AIM OF THE EXERCISE: Everything from the line containing "this 1445×1927 image." through the final line of the listing below should be given again, word for word, and nothing else.

======

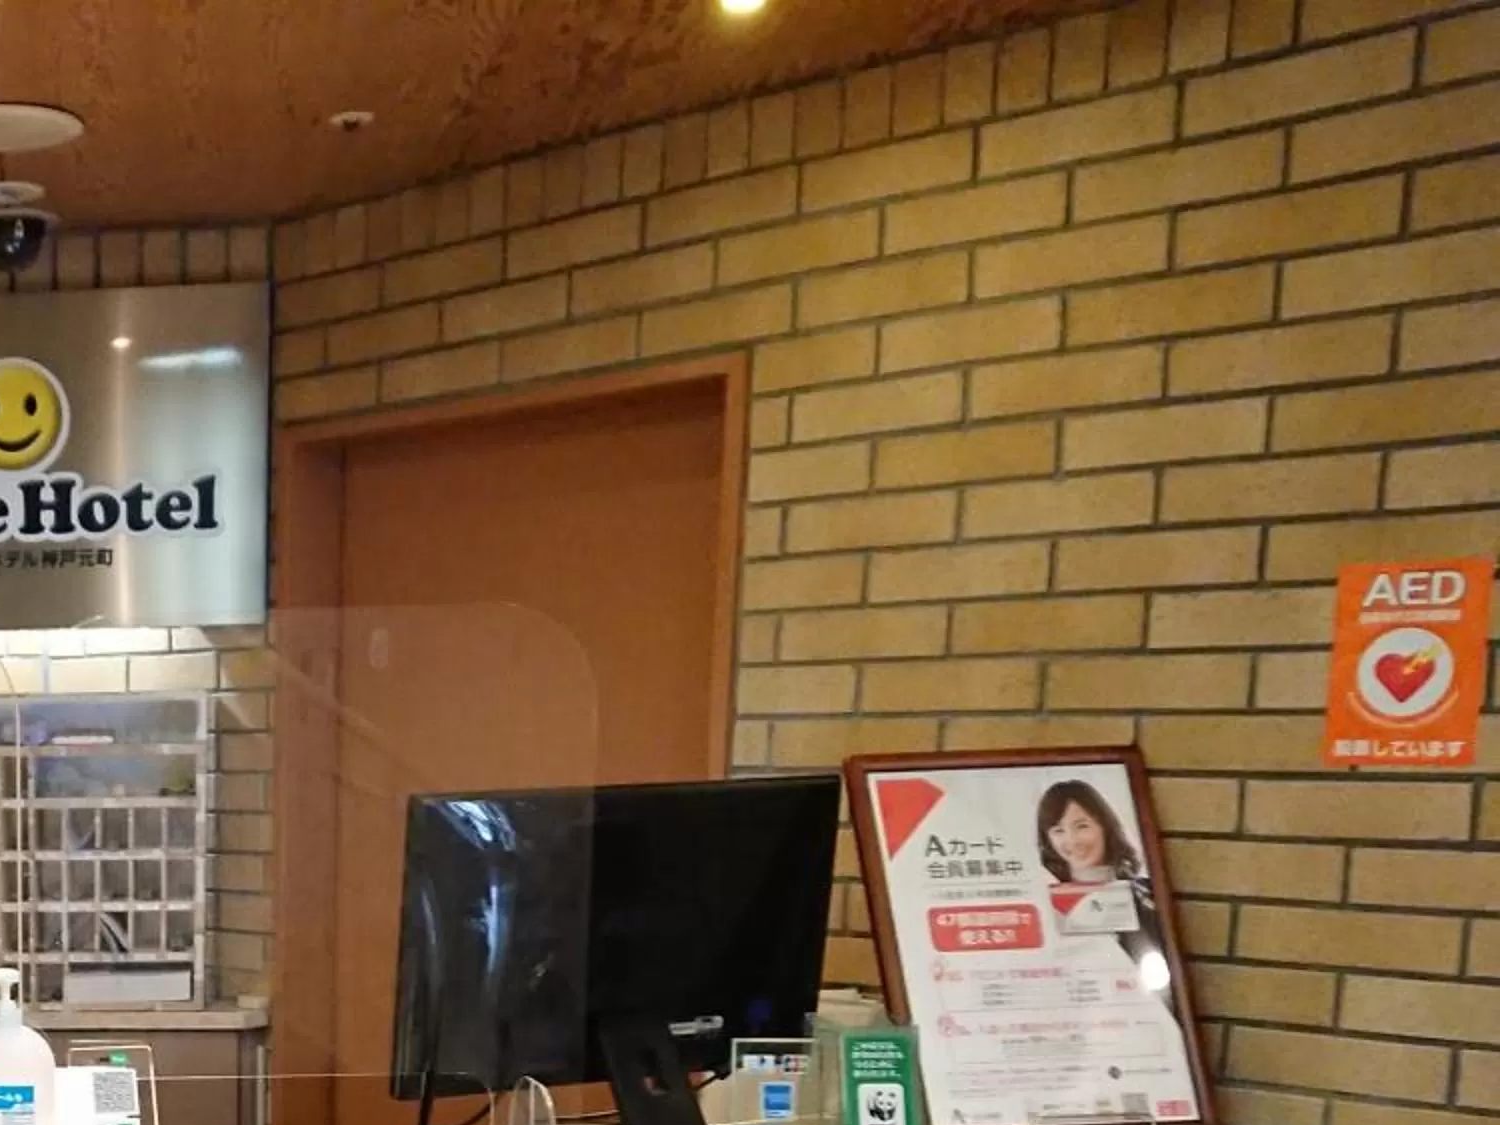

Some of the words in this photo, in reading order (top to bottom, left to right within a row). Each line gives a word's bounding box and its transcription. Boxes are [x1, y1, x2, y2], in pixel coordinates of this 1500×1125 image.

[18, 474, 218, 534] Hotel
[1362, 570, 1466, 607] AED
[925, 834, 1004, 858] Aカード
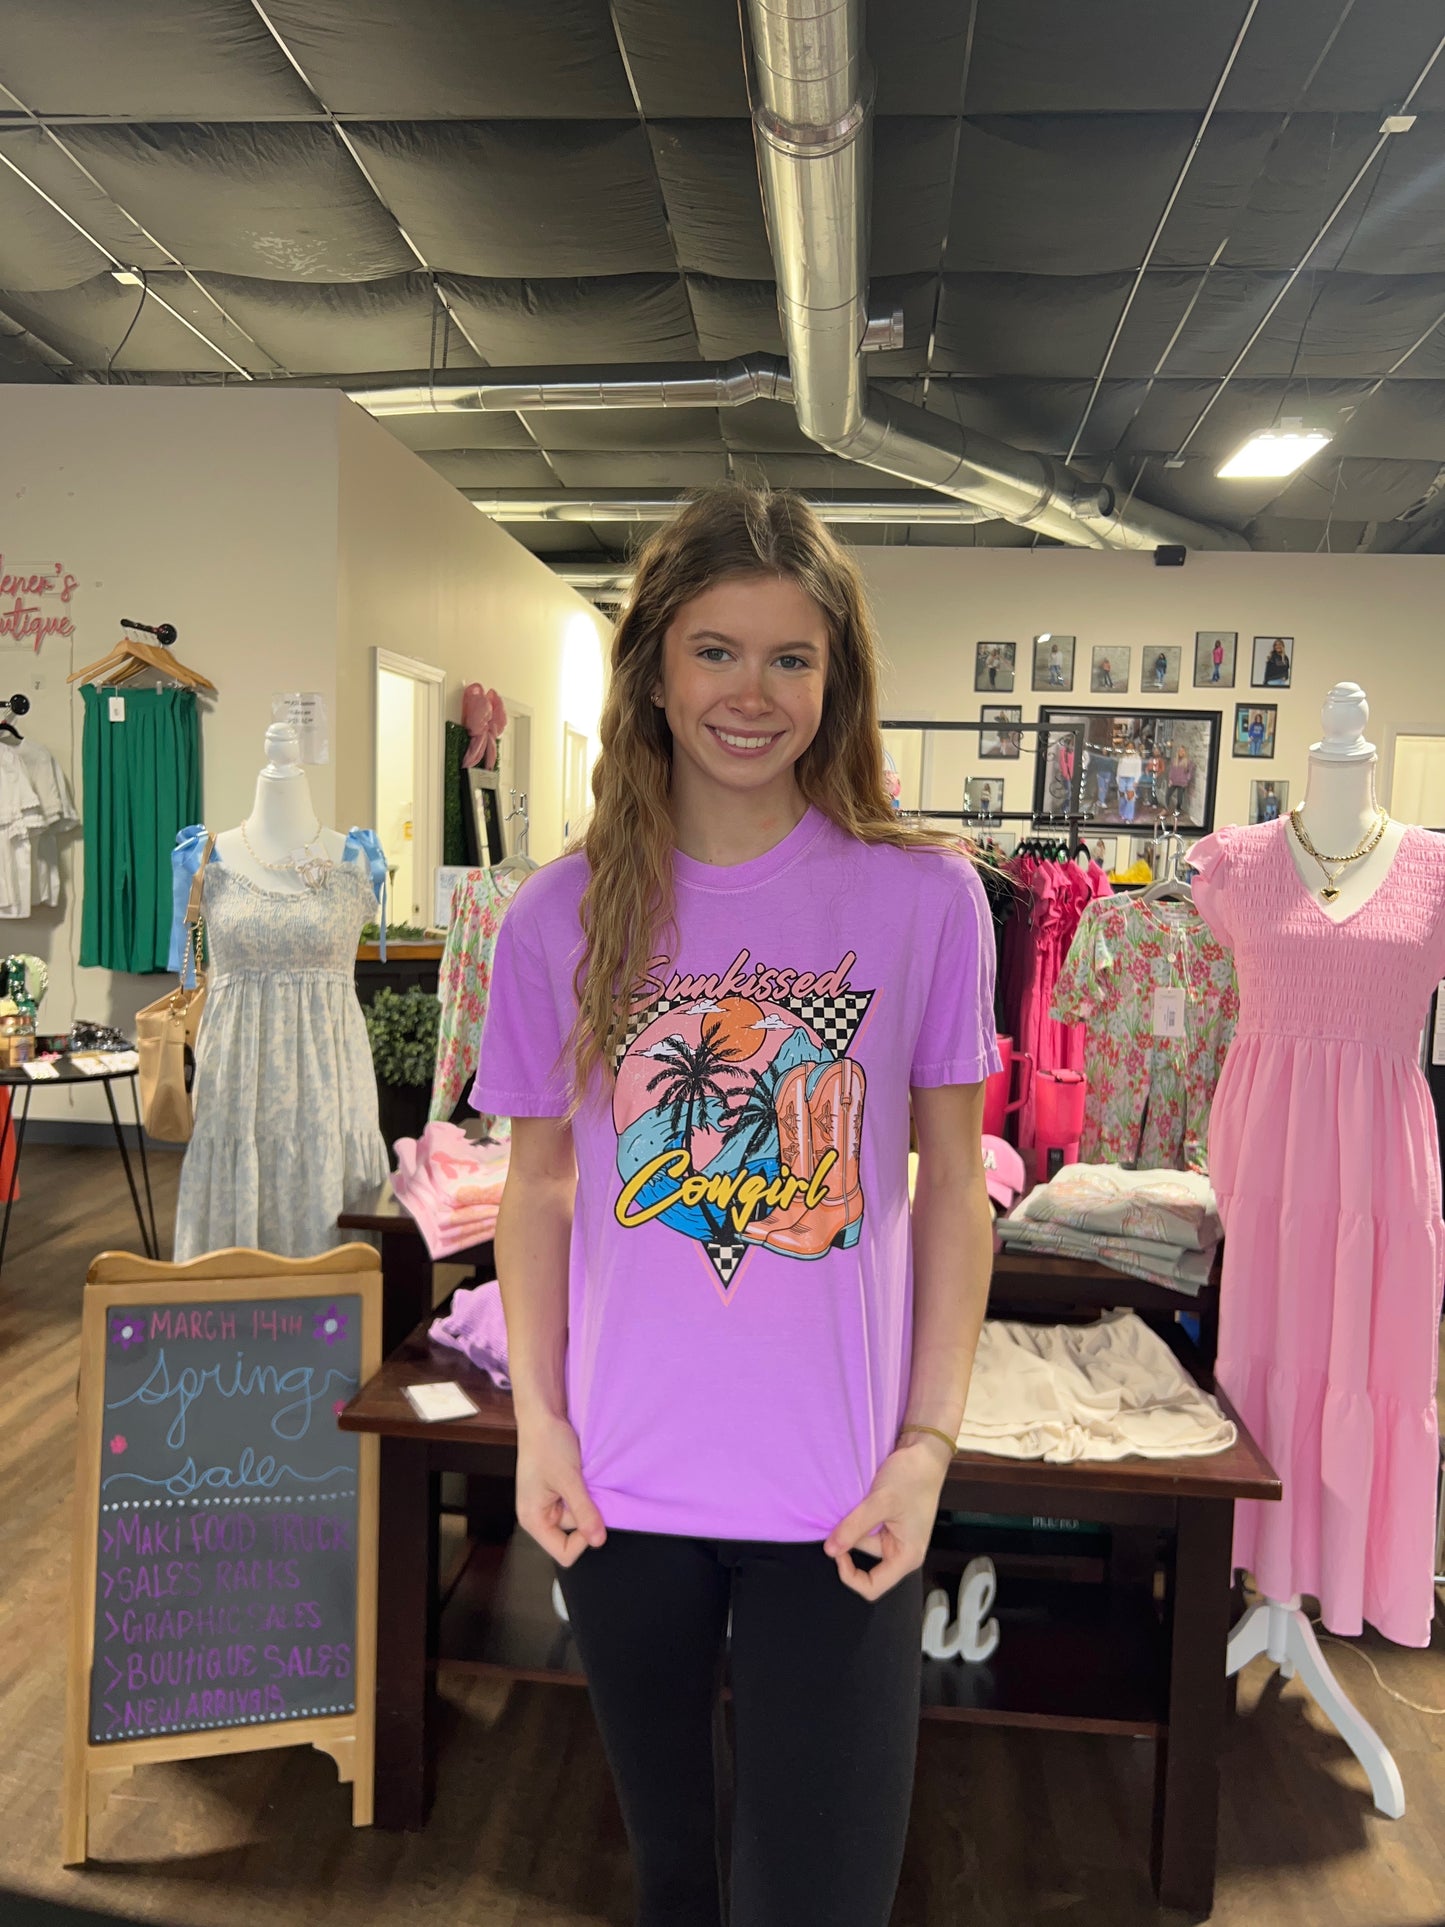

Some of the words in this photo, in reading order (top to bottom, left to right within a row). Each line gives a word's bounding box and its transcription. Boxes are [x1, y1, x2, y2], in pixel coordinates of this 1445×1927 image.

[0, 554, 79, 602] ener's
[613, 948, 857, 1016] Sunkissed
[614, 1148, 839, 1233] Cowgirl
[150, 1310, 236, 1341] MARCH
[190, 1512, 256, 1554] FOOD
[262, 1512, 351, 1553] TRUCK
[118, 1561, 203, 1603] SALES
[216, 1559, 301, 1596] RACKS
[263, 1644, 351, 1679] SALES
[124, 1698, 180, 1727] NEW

======

EXERCISE RESPONSE:
Some of the words in this photo, in reading order (top to bottom, left to right within a row). Each line gives a word's bounding box and its transcription. Boxes are [x1, y1, x2, y2], in pixel coordinates of this 1445×1927 image.

[0, 554, 79, 602] ener's
[613, 948, 857, 1016] Sunkissed
[614, 1148, 839, 1233] Cowgirl
[150, 1310, 236, 1341] MARCH
[190, 1512, 256, 1554] FOOD
[262, 1512, 351, 1553] TRUCK
[118, 1561, 203, 1603] SALES
[216, 1559, 301, 1596] RACKS
[263, 1644, 351, 1679] SALES
[124, 1698, 180, 1727] NEW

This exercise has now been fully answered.